Task statement: Repeat each entry below exactly.

Given entries:
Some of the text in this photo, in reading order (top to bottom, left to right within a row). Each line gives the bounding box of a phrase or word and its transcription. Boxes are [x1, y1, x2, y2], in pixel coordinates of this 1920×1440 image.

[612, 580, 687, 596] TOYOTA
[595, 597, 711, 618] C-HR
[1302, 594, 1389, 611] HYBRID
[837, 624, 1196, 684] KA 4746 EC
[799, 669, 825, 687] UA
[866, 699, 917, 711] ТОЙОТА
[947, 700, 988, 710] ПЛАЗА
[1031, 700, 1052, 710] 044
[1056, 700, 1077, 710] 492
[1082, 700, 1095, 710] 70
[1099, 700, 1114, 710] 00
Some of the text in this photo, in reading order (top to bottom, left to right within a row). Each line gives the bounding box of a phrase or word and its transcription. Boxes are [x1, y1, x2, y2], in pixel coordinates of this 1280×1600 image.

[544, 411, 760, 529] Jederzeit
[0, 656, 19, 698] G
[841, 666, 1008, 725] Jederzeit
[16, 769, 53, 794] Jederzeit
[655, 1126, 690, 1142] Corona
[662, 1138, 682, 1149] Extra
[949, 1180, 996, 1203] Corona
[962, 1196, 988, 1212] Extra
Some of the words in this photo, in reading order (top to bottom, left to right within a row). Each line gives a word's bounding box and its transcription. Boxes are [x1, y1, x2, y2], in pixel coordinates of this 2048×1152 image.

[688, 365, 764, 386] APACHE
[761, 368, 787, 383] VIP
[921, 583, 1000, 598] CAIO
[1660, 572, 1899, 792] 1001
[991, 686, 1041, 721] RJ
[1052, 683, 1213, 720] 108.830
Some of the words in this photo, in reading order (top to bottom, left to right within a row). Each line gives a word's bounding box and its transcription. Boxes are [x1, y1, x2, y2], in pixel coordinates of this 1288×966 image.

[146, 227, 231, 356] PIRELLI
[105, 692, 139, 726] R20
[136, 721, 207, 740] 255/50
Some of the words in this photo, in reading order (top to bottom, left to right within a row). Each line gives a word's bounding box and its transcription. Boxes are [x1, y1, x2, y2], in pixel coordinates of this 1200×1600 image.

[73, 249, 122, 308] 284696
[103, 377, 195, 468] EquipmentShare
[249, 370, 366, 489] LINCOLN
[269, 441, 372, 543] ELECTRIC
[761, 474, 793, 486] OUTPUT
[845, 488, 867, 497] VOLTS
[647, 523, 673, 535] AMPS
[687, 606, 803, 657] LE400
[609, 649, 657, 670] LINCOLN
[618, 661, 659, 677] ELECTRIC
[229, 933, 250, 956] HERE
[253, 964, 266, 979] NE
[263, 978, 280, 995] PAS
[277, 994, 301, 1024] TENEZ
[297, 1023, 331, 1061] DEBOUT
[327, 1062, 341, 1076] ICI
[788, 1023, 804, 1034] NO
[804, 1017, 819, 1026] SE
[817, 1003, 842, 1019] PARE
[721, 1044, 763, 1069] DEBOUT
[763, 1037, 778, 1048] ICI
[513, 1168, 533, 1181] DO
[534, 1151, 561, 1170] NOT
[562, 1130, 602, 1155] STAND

Solution to the problem:
Some of the text in this photo, in reading order (top to bottom, left to right within a row). Each line gives the bounding box of a phrase or word and its transcription. Boxes are [x1, y1, x2, y2], in pixel coordinates of this 1920×1440 image.

[612, 580, 687, 596] TOYOTA
[595, 597, 711, 618] C-HR
[1302, 594, 1389, 611] HYBRID
[837, 624, 1196, 684] KA 4746 EC
[799, 669, 825, 687] UA
[866, 699, 917, 711] ТОЙОТА
[947, 700, 988, 710] ПЛАЗА
[1031, 700, 1052, 710] 044
[1056, 700, 1077, 710] 492
[1082, 700, 1095, 710] 70
[1099, 700, 1114, 710] 00
Some of the text in this photo, in reading order (top to bottom, left to right within a row). Each line gives the bounding box of a phrase or word and its transcription. Boxes are [x1, y1, x2, y2], in pixel coordinates of this 1280×1600 image.

[544, 411, 760, 529] Jederzeit
[0, 656, 19, 698] G
[841, 666, 1008, 725] Jederzeit
[16, 769, 53, 794] Jederzeit
[655, 1126, 690, 1142] Corona
[662, 1138, 682, 1149] Extra
[949, 1180, 996, 1203] Corona
[962, 1196, 988, 1212] Extra
Some of the words in this photo, in reading order (top to bottom, left to right within a row). Each line gives a word's bounding box and its transcription. Boxes are [x1, y1, x2, y2], in pixel coordinates of this 2048×1152 image.

[688, 365, 764, 386] APACHE
[761, 368, 787, 383] VIP
[921, 583, 1000, 598] CAIO
[1660, 572, 1899, 792] 1001
[991, 686, 1041, 721] RJ
[1052, 683, 1213, 720] 108.830
Some of the words in this photo, in reading order (top to bottom, left to right within a row). Each line gives a word's bounding box and its transcription. Boxes are [x1, y1, x2, y2], in pixel coordinates of this 1288×966 image.

[146, 227, 231, 356] PIRELLI
[105, 692, 139, 726] R20
[136, 721, 207, 740] 255/50
Some of the words in this photo, in reading order (top to bottom, left to right within a row). Each line gives a word's bounding box and its transcription. Boxes are [x1, y1, x2, y2], in pixel coordinates of this 1200×1600 image.

[73, 249, 122, 308] 284696
[103, 377, 195, 468] EquipmentShare
[249, 370, 366, 489] LINCOLN
[269, 441, 372, 543] ELECTRIC
[761, 474, 793, 486] OUTPUT
[845, 488, 867, 497] VOLTS
[647, 523, 673, 535] AMPS
[687, 606, 803, 657] LE400
[609, 649, 657, 670] LINCOLN
[618, 661, 659, 677] ELECTRIC
[229, 933, 250, 956] HERE
[253, 964, 266, 979] NE
[263, 978, 280, 995] PAS
[277, 994, 301, 1024] TENEZ
[297, 1023, 331, 1061] DEBOUT
[327, 1062, 341, 1076] ICI
[788, 1023, 804, 1034] NO
[804, 1017, 819, 1026] SE
[817, 1003, 842, 1019] PARE
[721, 1044, 763, 1069] DEBOUT
[763, 1037, 778, 1048] ICI
[513, 1168, 533, 1181] DO
[534, 1151, 561, 1170] NOT
[562, 1130, 602, 1155] STAND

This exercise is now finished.